Exercise objective → Apart from the images, the records below need to be copied exactly.

────────────────────

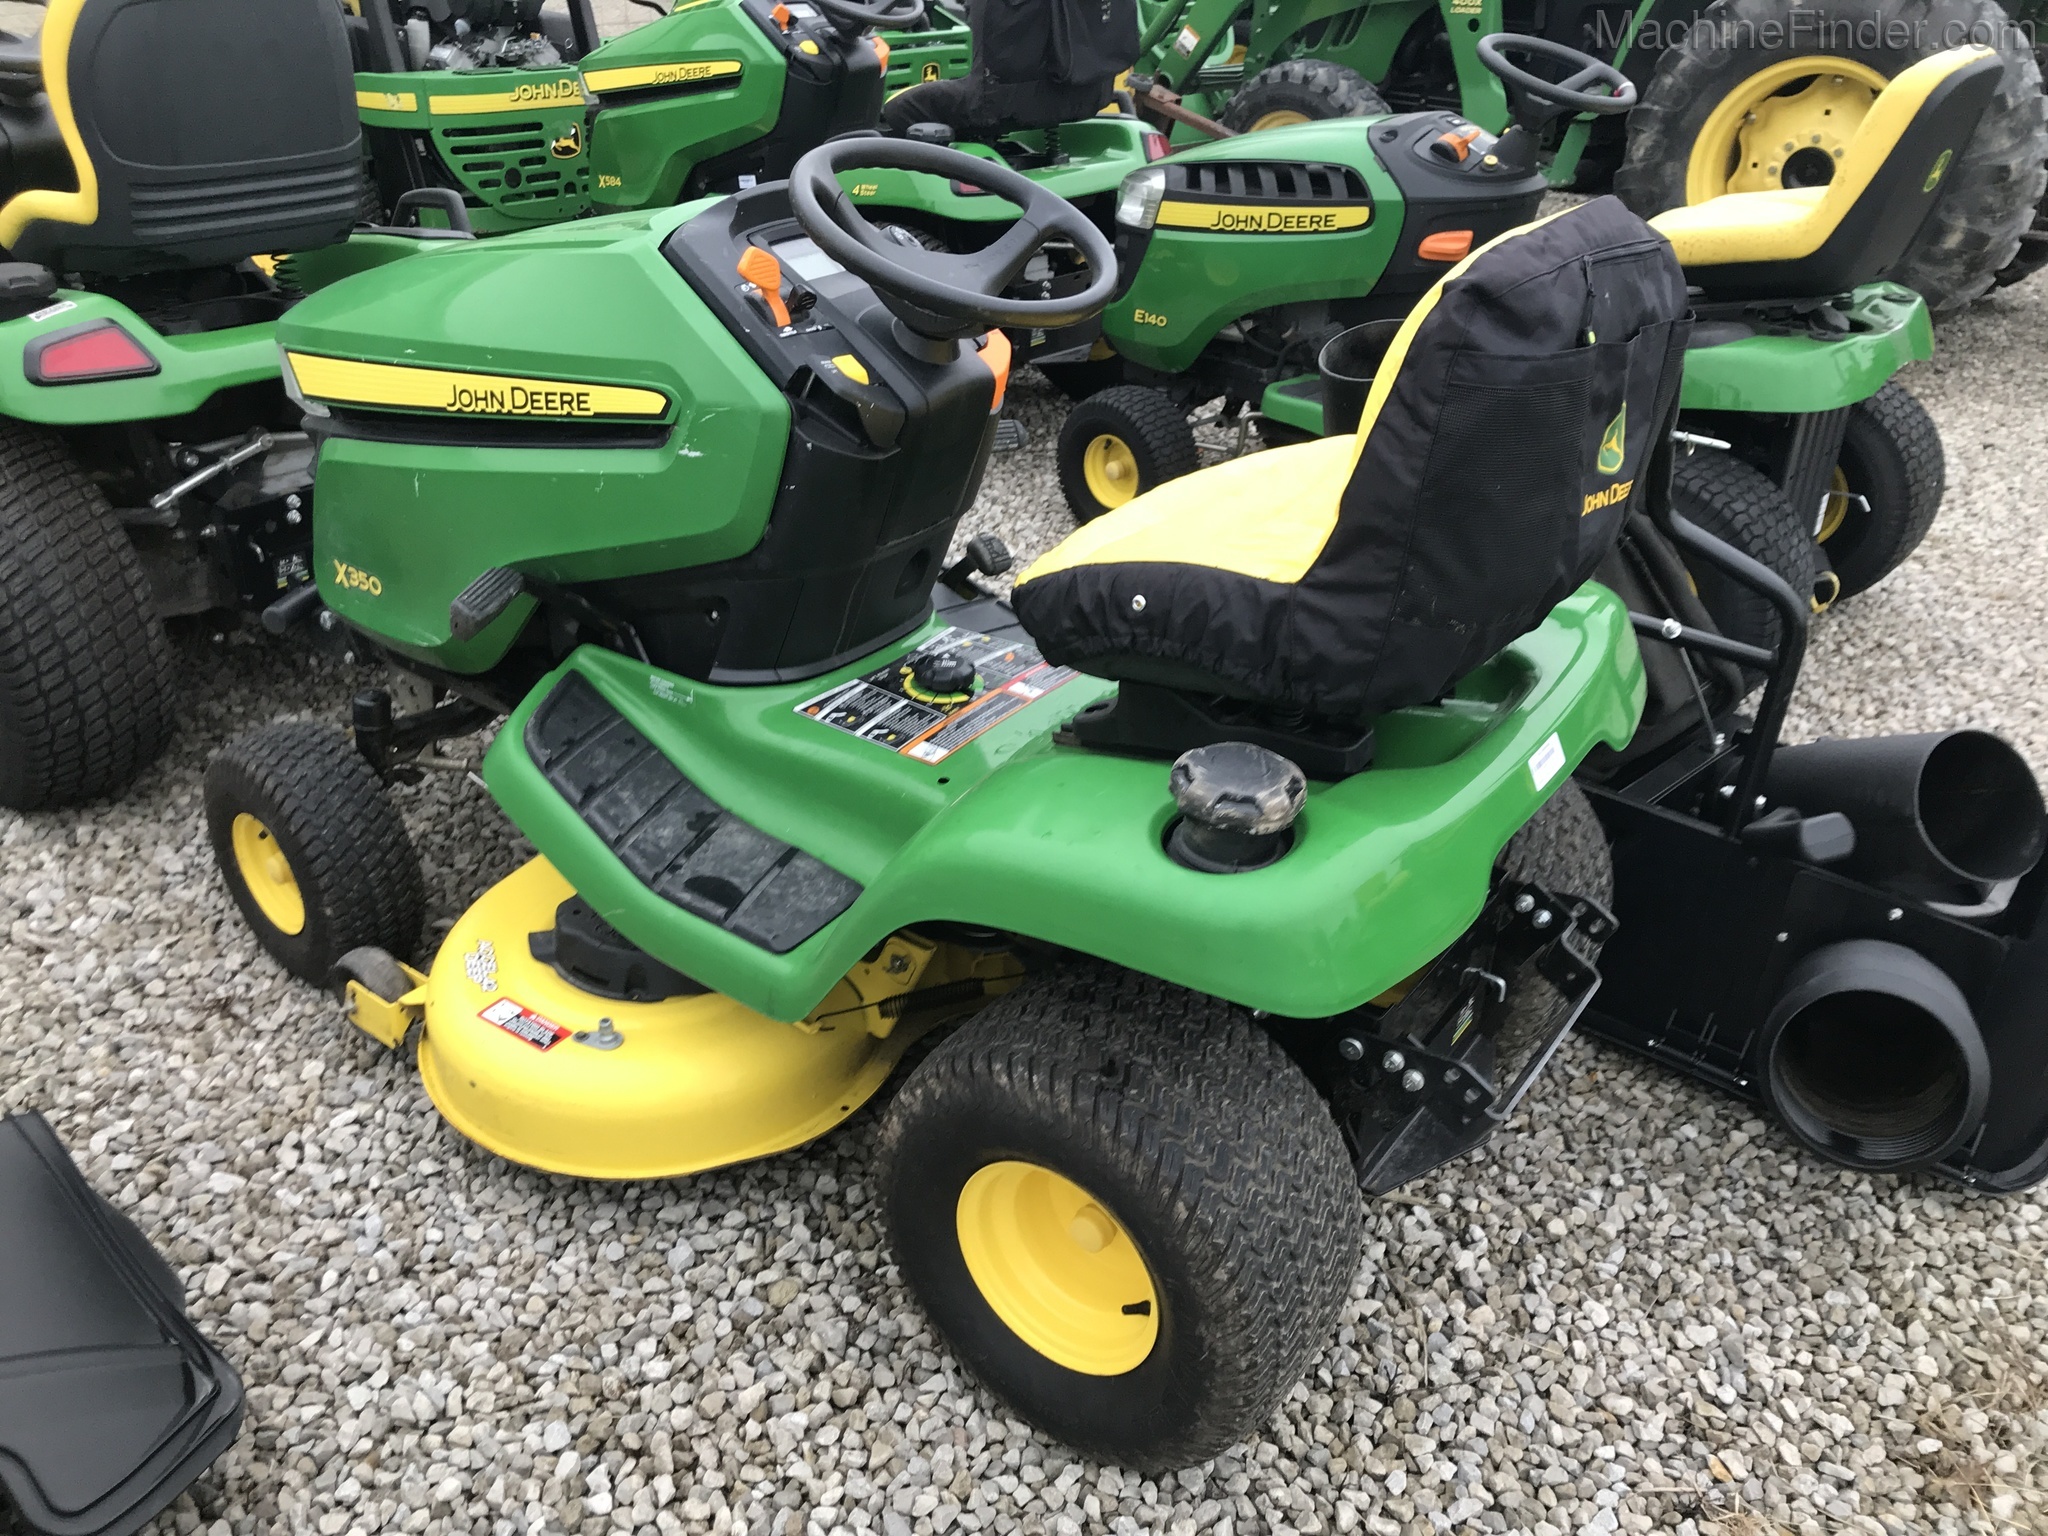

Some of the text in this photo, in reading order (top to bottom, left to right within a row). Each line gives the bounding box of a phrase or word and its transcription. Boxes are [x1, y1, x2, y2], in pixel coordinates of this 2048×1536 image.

[651, 65, 712, 84] JOHN DEERE
[510, 84, 557, 102] JOHN
[598, 174, 622, 188] X584
[851, 184, 861, 196] 4
[1210, 210, 1337, 230] JOHN DEERE
[1134, 309, 1167, 327] E140
[446, 384, 592, 412] JOHN DEERE
[1580, 488, 1610, 518] JOHN
[333, 558, 382, 596] X350
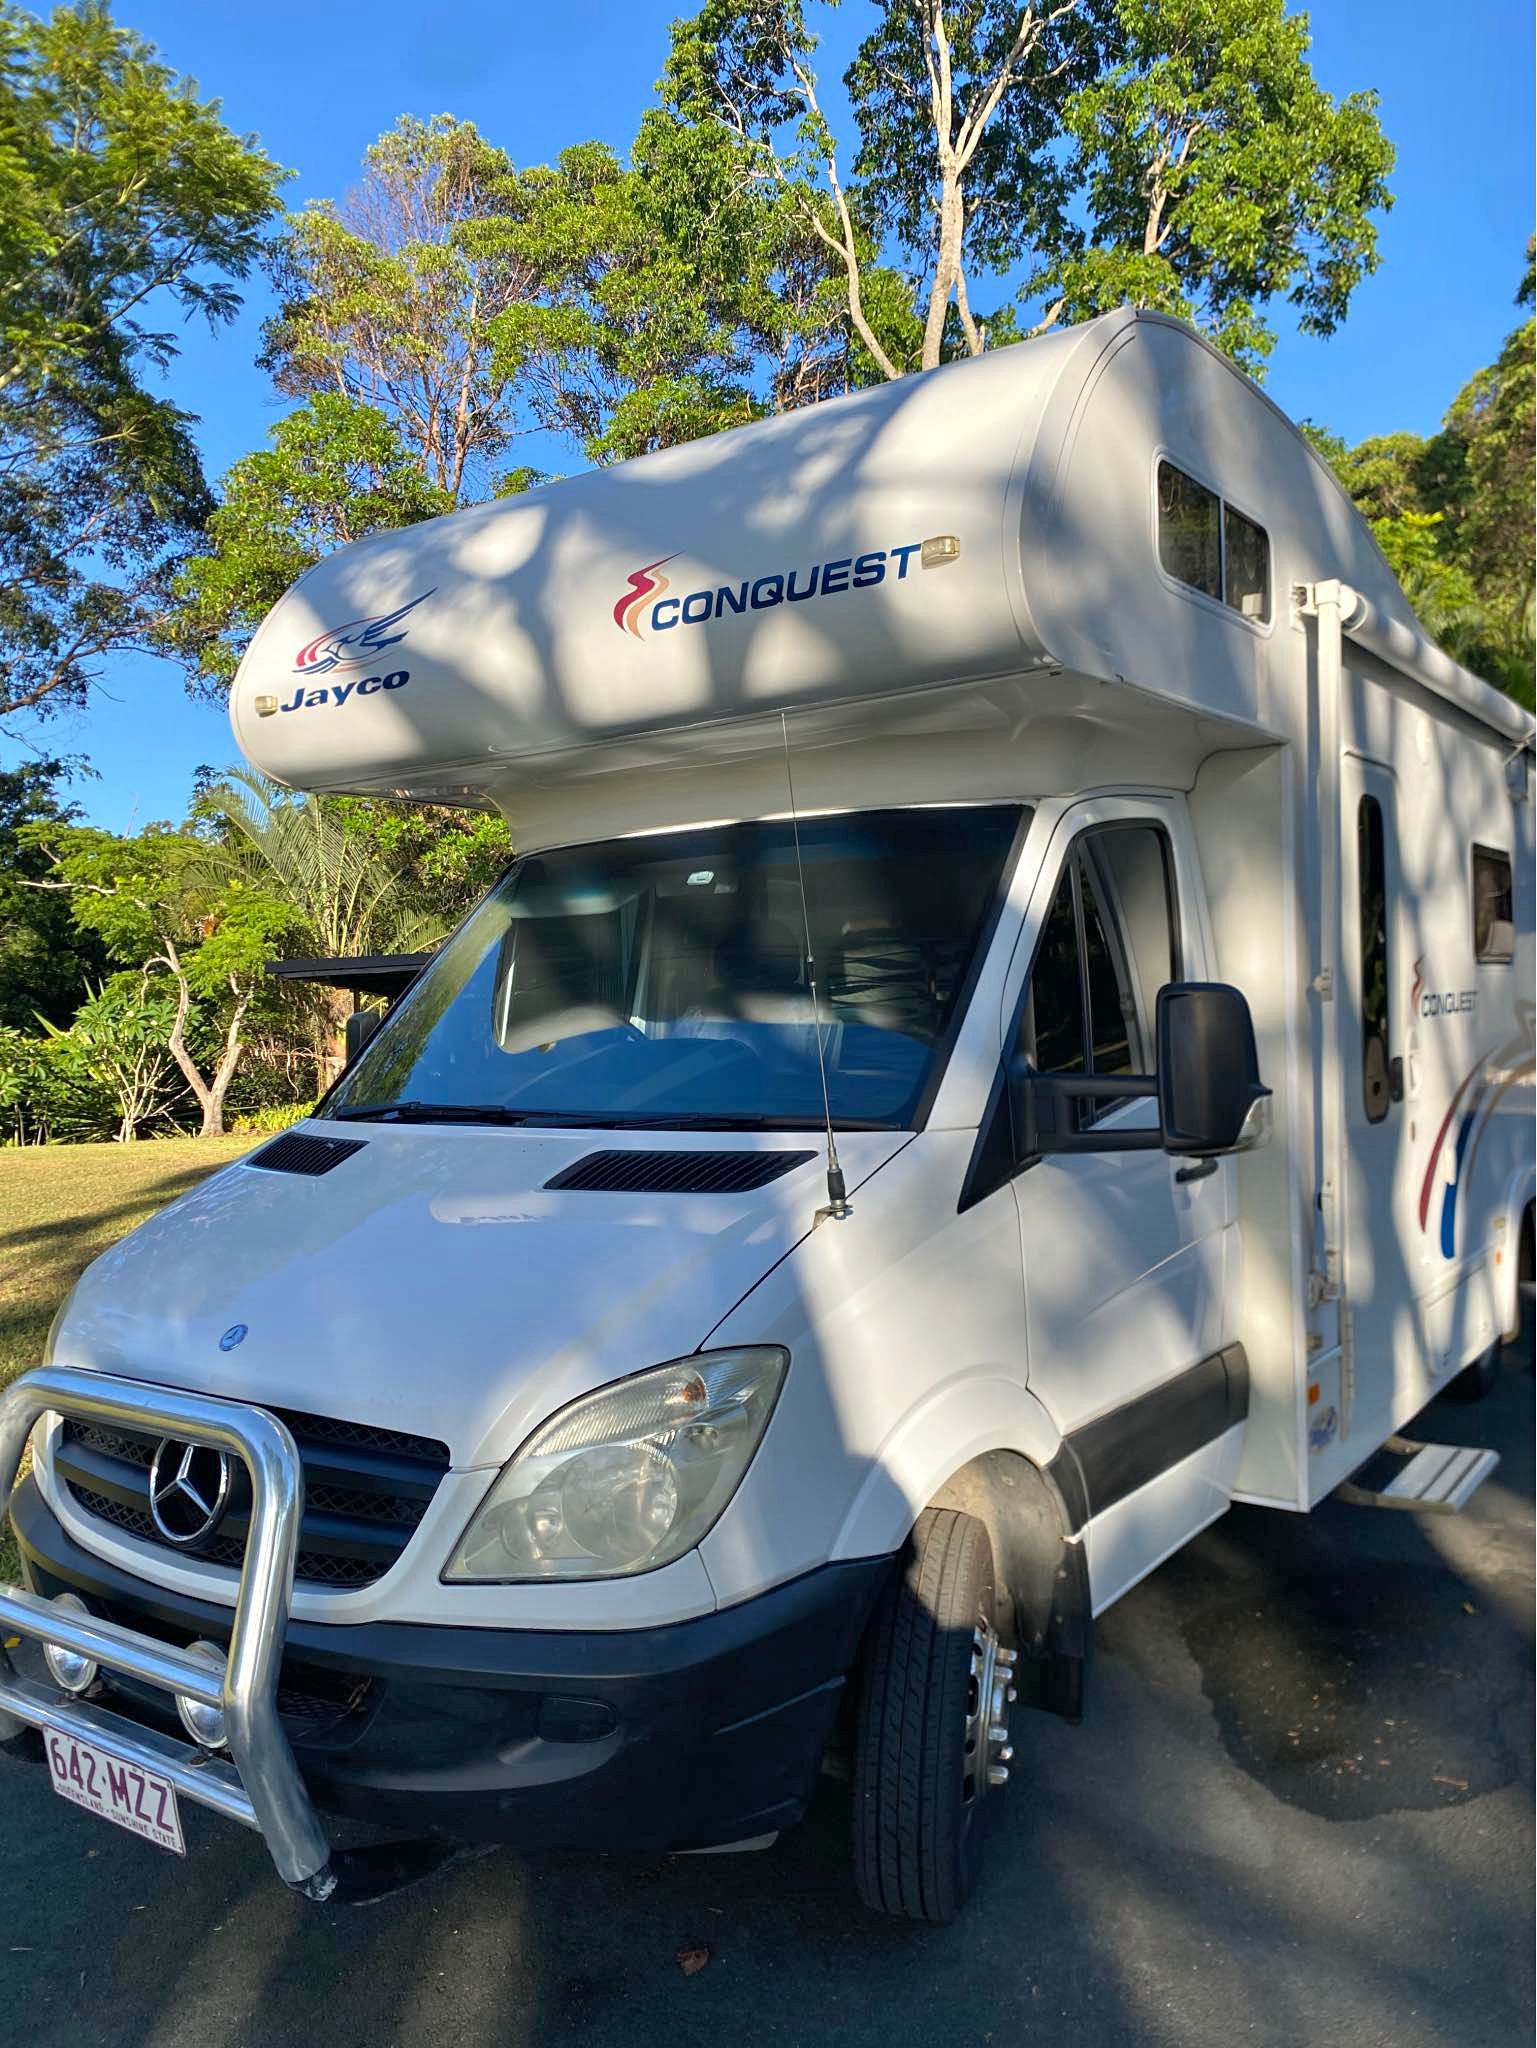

────────────────────

Task solution →
Some of the text in this photo, in reading order (top to bottom, left to right within a row). Each line gives the bounding box of a phrase or word and its transcription. Boxes are [x1, y1, x2, y2], in pixel coordinates of this 2048×1536 image.

[651, 65, 712, 84] JOHN DEERE
[510, 84, 557, 102] JOHN
[598, 174, 622, 188] X584
[851, 184, 861, 196] 4
[1210, 210, 1337, 230] JOHN DEERE
[1134, 309, 1167, 327] E140
[446, 384, 592, 412] JOHN DEERE
[1580, 488, 1610, 518] JOHN
[333, 558, 382, 596] X350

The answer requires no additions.